> [Phrase grounding data]

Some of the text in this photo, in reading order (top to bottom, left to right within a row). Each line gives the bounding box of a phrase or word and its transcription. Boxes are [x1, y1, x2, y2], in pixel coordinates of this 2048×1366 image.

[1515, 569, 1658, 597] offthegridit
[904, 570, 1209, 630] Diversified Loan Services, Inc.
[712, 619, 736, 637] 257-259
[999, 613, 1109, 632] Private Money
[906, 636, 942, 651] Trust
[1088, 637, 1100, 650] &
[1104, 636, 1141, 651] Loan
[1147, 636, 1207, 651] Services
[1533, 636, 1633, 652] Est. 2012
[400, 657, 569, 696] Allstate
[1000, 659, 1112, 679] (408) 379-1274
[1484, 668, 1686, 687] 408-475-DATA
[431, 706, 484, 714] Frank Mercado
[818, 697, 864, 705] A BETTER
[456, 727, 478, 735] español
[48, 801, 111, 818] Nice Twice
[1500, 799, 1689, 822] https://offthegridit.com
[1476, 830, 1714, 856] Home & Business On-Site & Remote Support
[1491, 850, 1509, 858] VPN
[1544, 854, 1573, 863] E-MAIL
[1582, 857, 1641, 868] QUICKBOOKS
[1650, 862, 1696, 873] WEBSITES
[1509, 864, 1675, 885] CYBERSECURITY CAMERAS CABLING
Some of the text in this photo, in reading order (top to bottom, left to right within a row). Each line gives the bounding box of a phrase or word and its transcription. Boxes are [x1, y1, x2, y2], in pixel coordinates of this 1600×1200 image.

> [REQUIRED WORK] Copy the data. Make sure every line matches exactly.

> [SOLVED EXERCISE]
Some of the text in this photo, in reading order (top to bottom, left to right within a row). Each line gives the bounding box of a phrase or word and its transcription. Boxes are [x1, y1, x2, y2], in pixel coordinates of this 2048×1366 image.

[1515, 569, 1658, 597] offthegridit
[904, 570, 1209, 630] Diversified Loan Services, Inc.
[712, 619, 736, 637] 257-259
[999, 613, 1109, 632] Private Money
[906, 636, 942, 651] Trust
[1088, 637, 1100, 650] &
[1104, 636, 1141, 651] Loan
[1147, 636, 1207, 651] Services
[1533, 636, 1633, 652] Est. 2012
[400, 657, 569, 696] Allstate
[1000, 659, 1112, 679] (408) 379-1274
[1484, 668, 1686, 687] 408-475-DATA
[431, 706, 484, 714] Frank Mercado
[818, 697, 864, 705] A BETTER
[456, 727, 478, 735] español
[48, 801, 111, 818] Nice Twice
[1500, 799, 1689, 822] https://offthegridit.com
[1476, 830, 1714, 856] Home & Business On-Site & Remote Support
[1491, 850, 1509, 858] VPN
[1544, 854, 1573, 863] E-MAIL
[1582, 857, 1641, 868] QUICKBOOKS
[1650, 862, 1696, 873] WEBSITES
[1509, 864, 1675, 885] CYBERSECURITY CAMERAS CABLING
Some of the text in this photo, in reading order (top to bottom, left to right within a row). Each line gives the bounding box of a phrase or word and its transcription. Boxes are [x1, y1, x2, y2], in pixel coordinates of this 1600×1200 image.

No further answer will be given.